# Dataset entries:
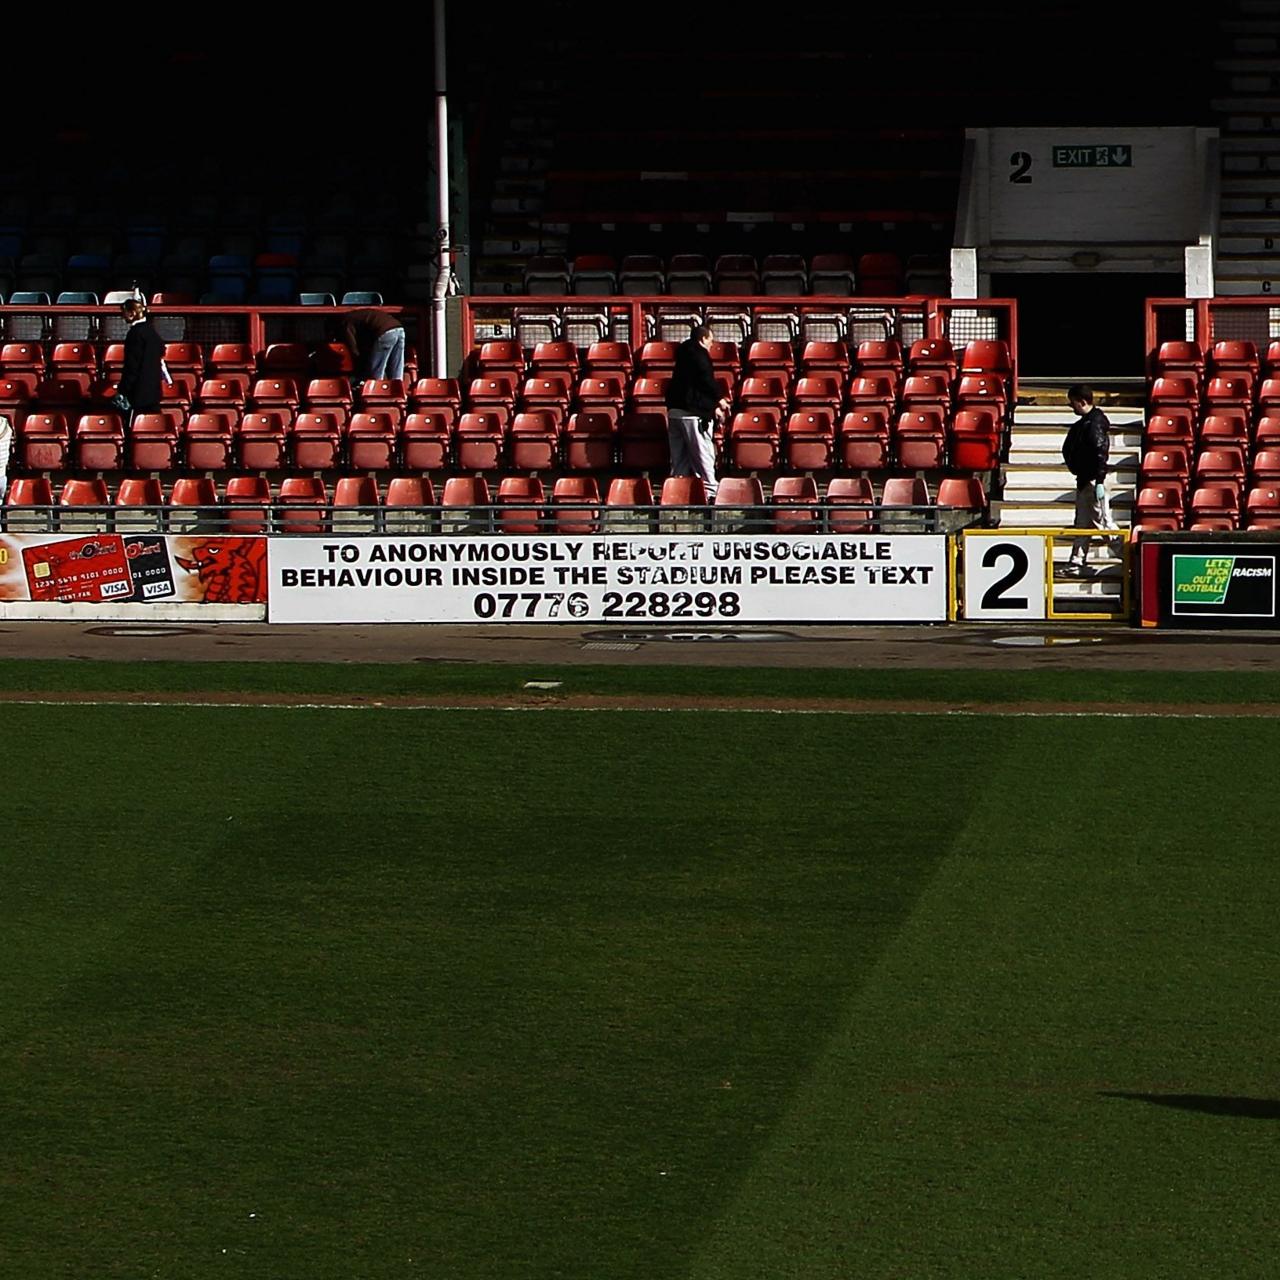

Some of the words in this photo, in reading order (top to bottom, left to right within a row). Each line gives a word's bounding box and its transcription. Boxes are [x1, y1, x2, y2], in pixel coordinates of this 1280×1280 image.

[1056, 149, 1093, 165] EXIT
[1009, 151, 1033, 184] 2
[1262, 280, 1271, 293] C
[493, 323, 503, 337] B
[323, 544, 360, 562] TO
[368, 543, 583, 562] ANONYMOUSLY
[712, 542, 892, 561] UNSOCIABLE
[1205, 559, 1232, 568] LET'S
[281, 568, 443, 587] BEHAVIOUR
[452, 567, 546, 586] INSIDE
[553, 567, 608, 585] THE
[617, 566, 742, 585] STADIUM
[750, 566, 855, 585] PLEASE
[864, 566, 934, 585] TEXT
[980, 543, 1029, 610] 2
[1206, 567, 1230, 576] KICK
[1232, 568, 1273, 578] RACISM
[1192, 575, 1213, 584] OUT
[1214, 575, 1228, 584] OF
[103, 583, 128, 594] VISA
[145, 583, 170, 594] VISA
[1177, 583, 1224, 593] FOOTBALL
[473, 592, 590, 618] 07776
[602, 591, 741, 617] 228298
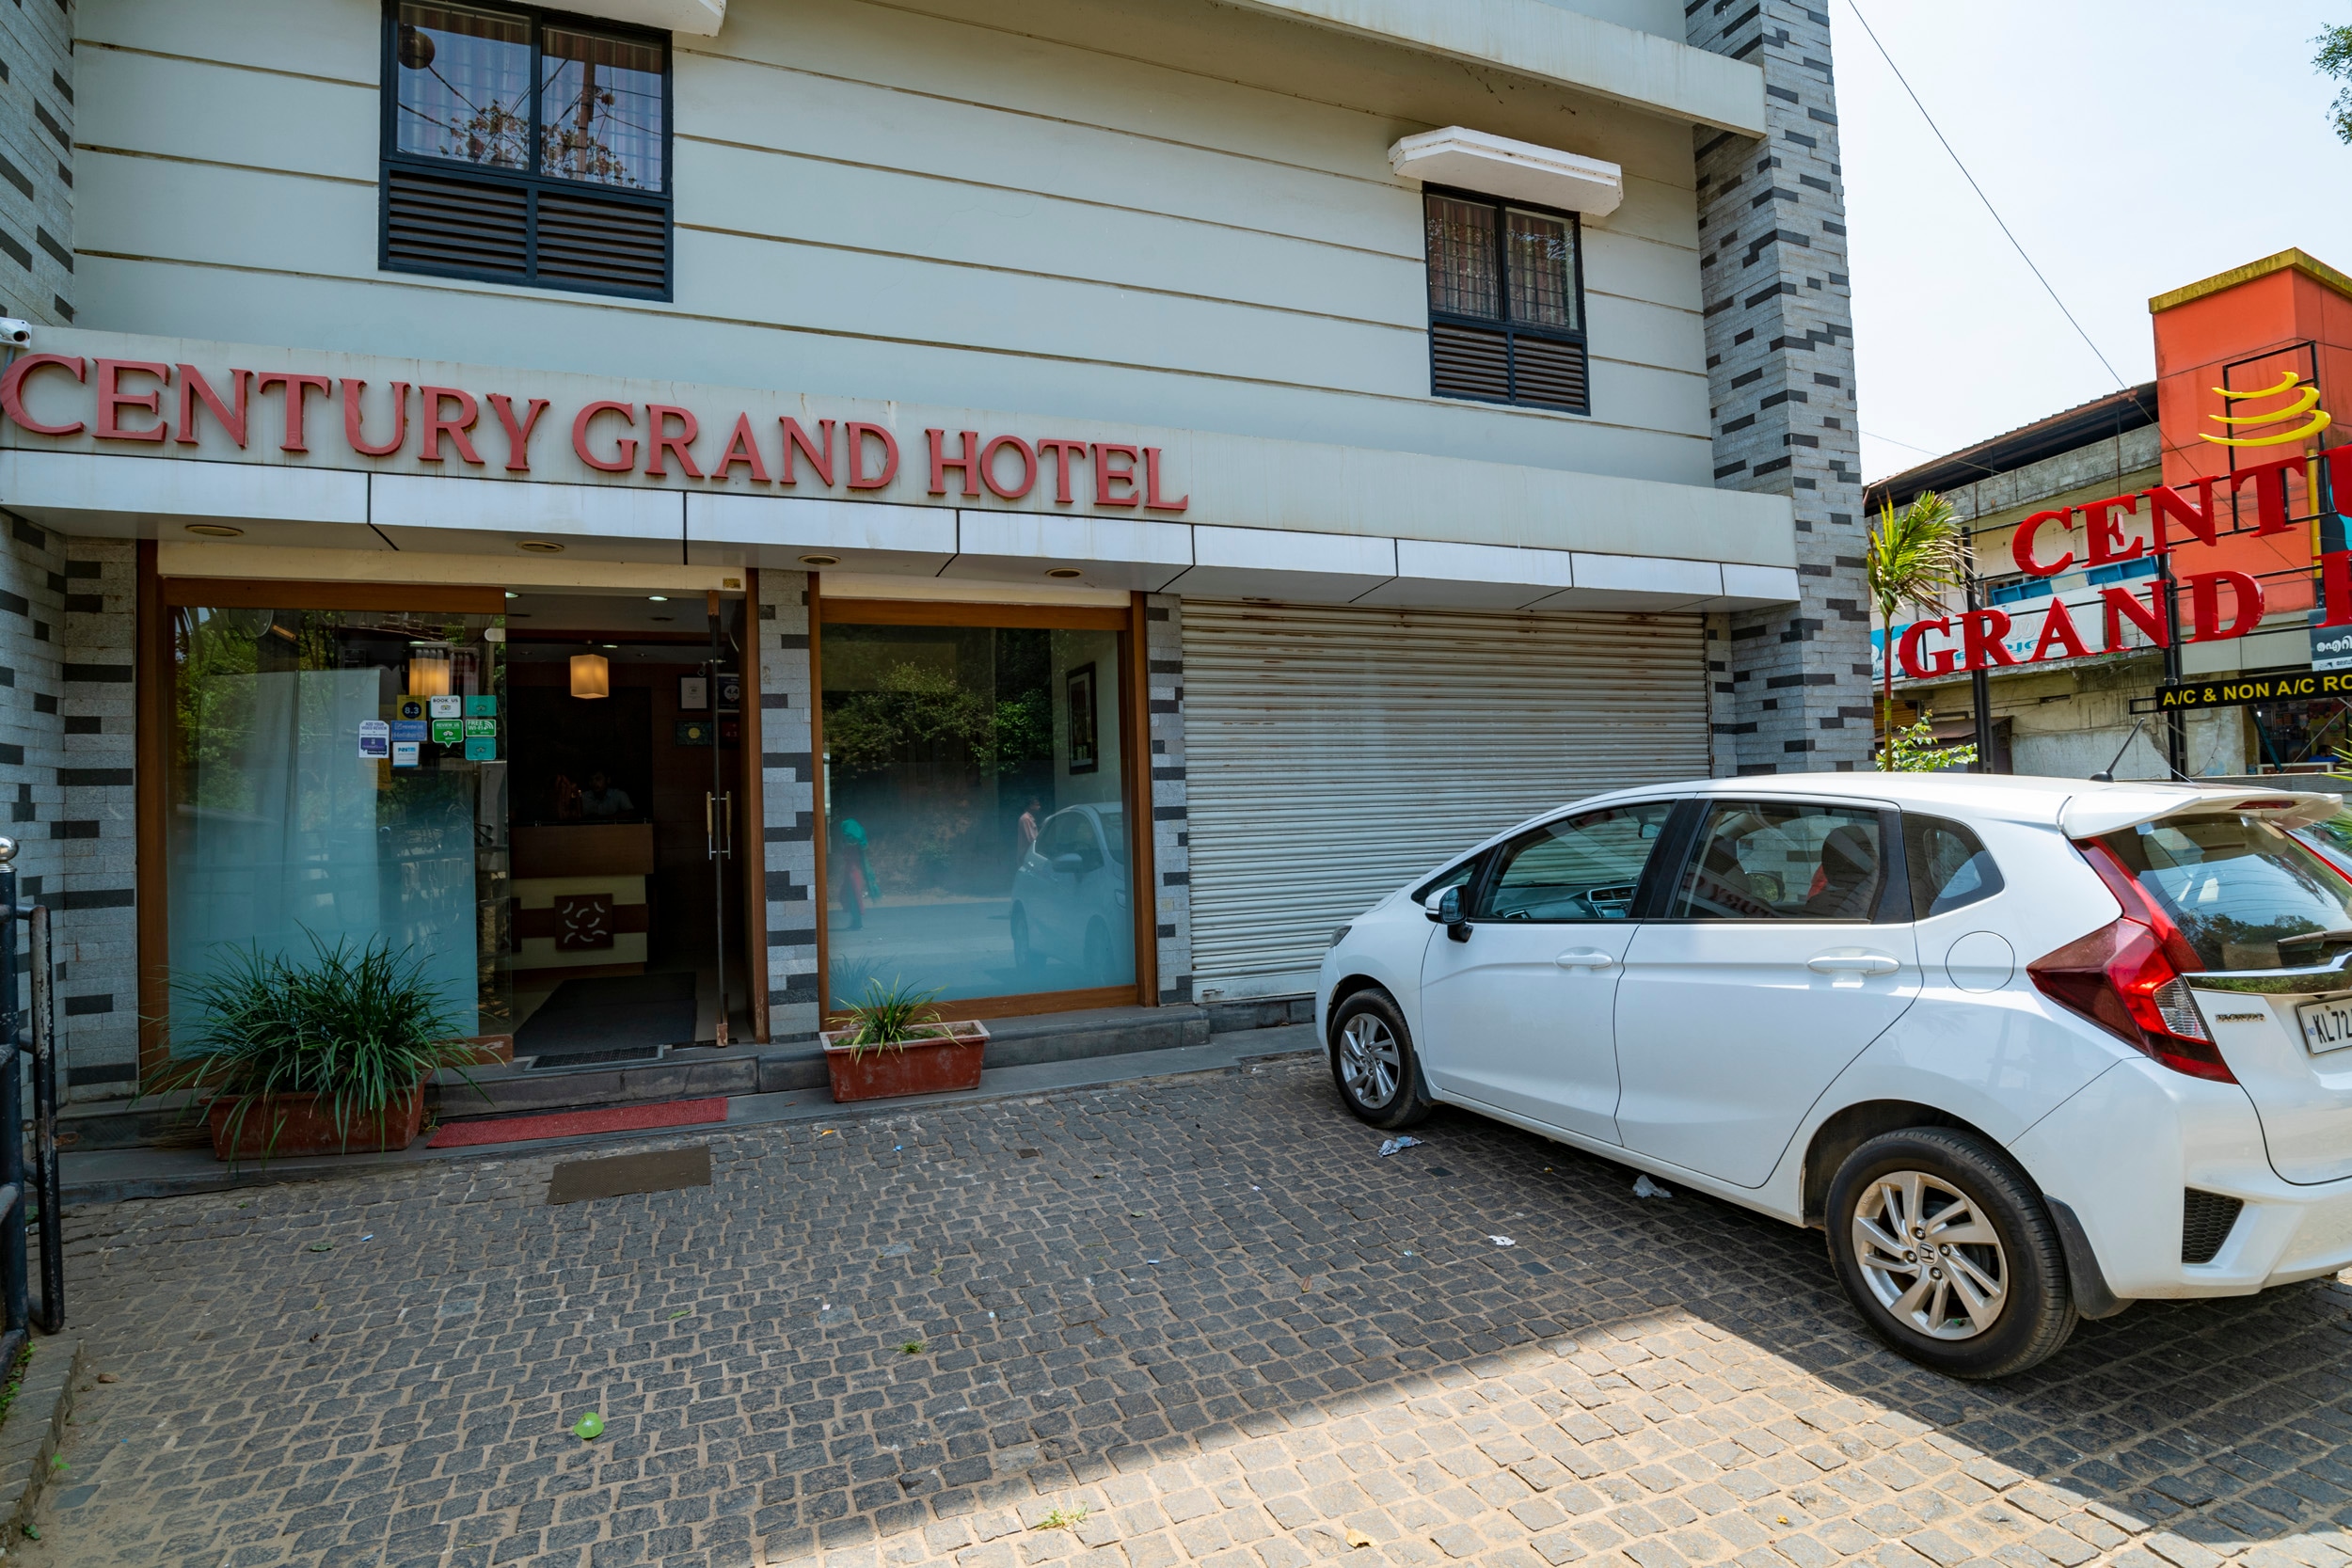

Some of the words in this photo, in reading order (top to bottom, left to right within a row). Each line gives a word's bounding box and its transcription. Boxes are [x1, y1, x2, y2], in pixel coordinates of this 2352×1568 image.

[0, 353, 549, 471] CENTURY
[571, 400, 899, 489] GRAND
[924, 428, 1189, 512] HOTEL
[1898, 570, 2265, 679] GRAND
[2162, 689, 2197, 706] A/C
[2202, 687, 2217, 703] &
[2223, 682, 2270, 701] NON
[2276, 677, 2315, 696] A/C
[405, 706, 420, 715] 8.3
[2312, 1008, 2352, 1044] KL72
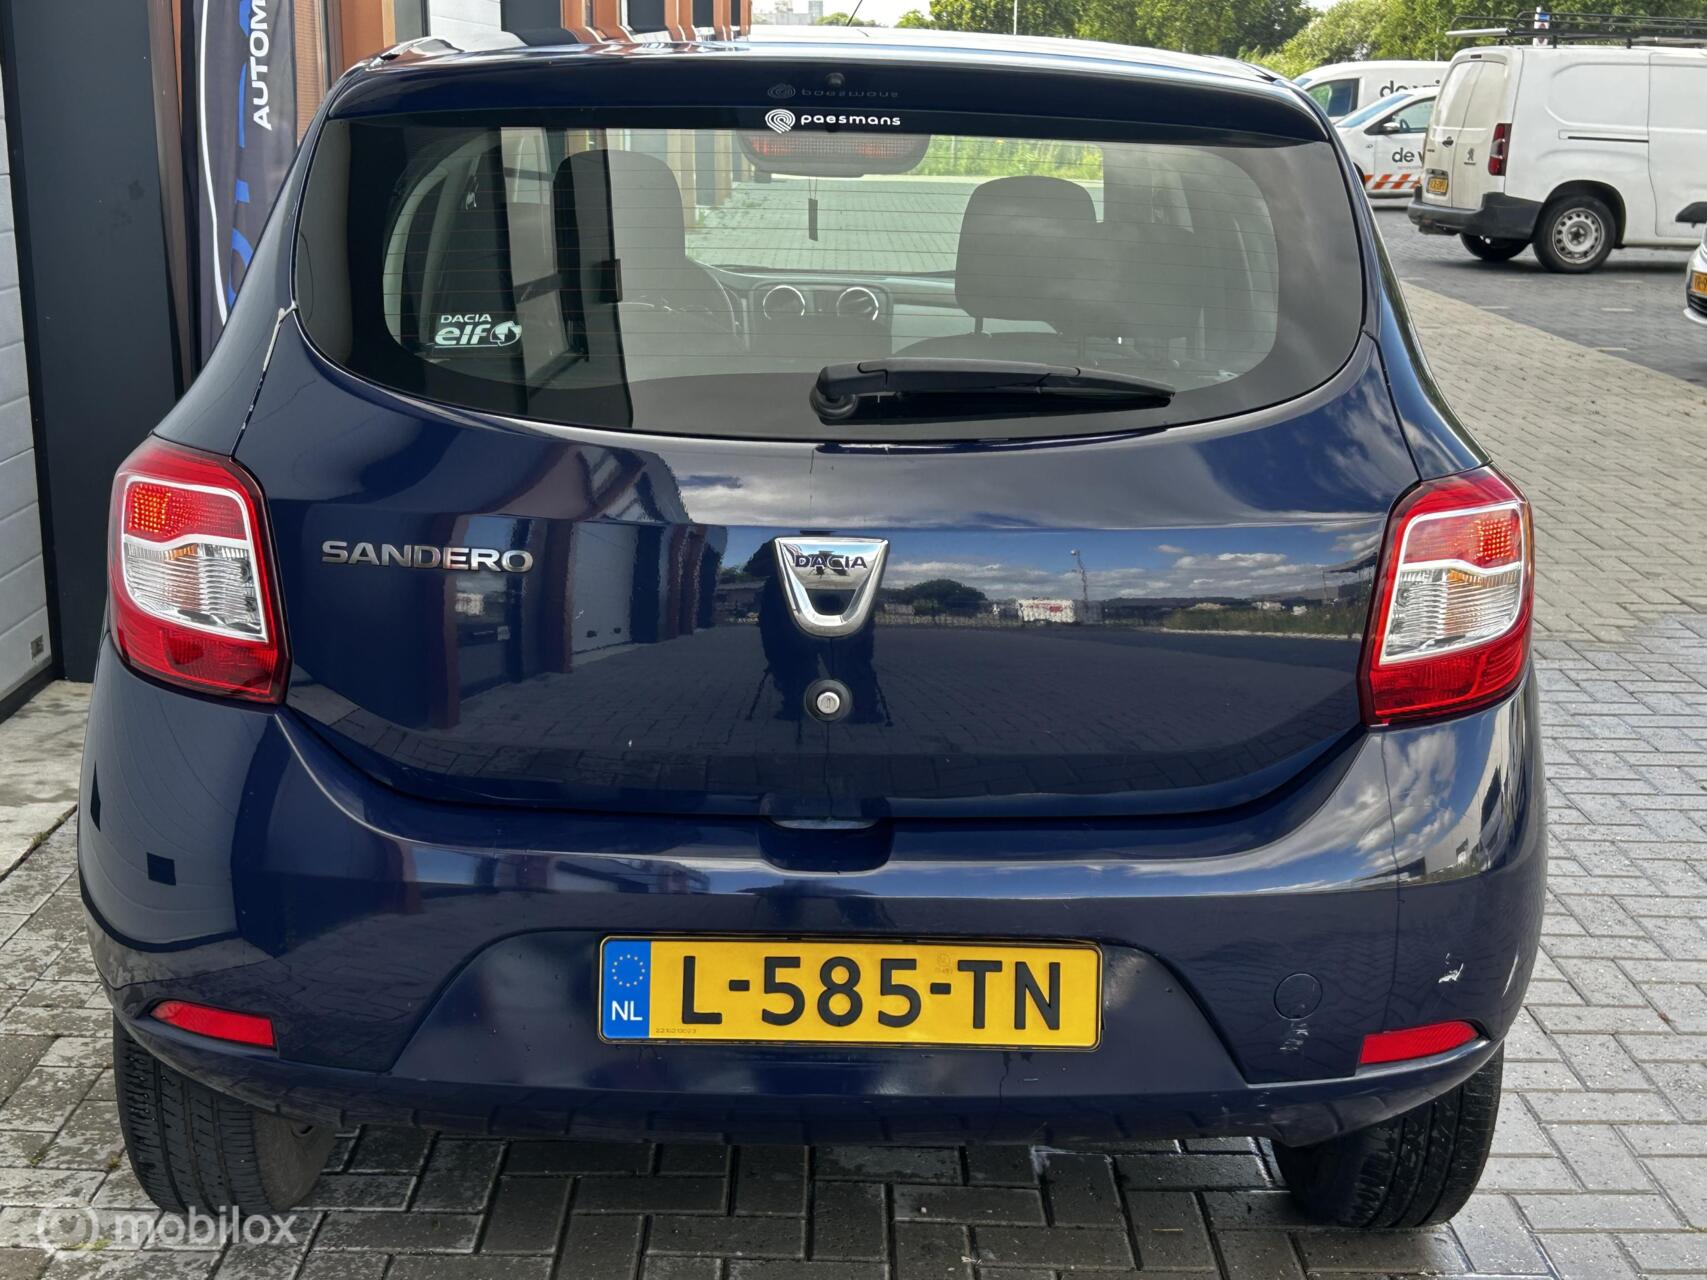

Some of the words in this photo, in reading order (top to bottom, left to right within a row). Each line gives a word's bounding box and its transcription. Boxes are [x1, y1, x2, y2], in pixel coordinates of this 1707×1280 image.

# Work instructions:
A word-for-word copy of all the records above is required, with the pictures left out.

# Written response:
Some of the words in this photo, in reading order (top to bottom, left to right within a row). Each line gives a word's bounding box and its transcription. Boxes are [x1, y1, x2, y2], in pixel coordinates of this 1280×1280 image.

[1056, 149, 1093, 165] EXIT
[1009, 151, 1033, 184] 2
[1262, 280, 1271, 293] C
[493, 323, 503, 337] B
[323, 544, 360, 562] TO
[368, 543, 583, 562] ANONYMOUSLY
[712, 542, 892, 561] UNSOCIABLE
[1205, 559, 1232, 568] LET'S
[281, 568, 443, 587] BEHAVIOUR
[452, 567, 546, 586] INSIDE
[553, 567, 608, 585] THE
[617, 566, 742, 585] STADIUM
[750, 566, 855, 585] PLEASE
[864, 566, 934, 585] TEXT
[980, 543, 1029, 610] 2
[1206, 567, 1230, 576] KICK
[1232, 568, 1273, 578] RACISM
[1192, 575, 1213, 584] OUT
[1214, 575, 1228, 584] OF
[103, 583, 128, 594] VISA
[145, 583, 170, 594] VISA
[1177, 583, 1224, 593] FOOTBALL
[473, 592, 590, 618] 07776
[602, 591, 741, 617] 228298

Some of the words in this photo, in reading order (top to bottom, left to right within a row). Each line gives a word's bounding box and its transcription. Boxes are [x1, y1, x2, y2], in pixel coordinates of this 2352×1568 image.

[0, 353, 549, 471] CENTURY
[571, 400, 899, 489] GRAND
[924, 428, 1189, 512] HOTEL
[1898, 570, 2265, 679] GRAND
[2162, 689, 2197, 706] A/C
[2202, 687, 2217, 703] &
[2223, 682, 2270, 701] NON
[2276, 677, 2315, 696] A/C
[405, 706, 420, 715] 8.3
[2312, 1008, 2352, 1044] KL72

Some of the words in this photo, in reading order (top to bottom, left to right within a row). Each line gives a word's bounding box and its transcription. Boxes are [x1, y1, x2, y2], in pixel coordinates of this 1707×1280 image.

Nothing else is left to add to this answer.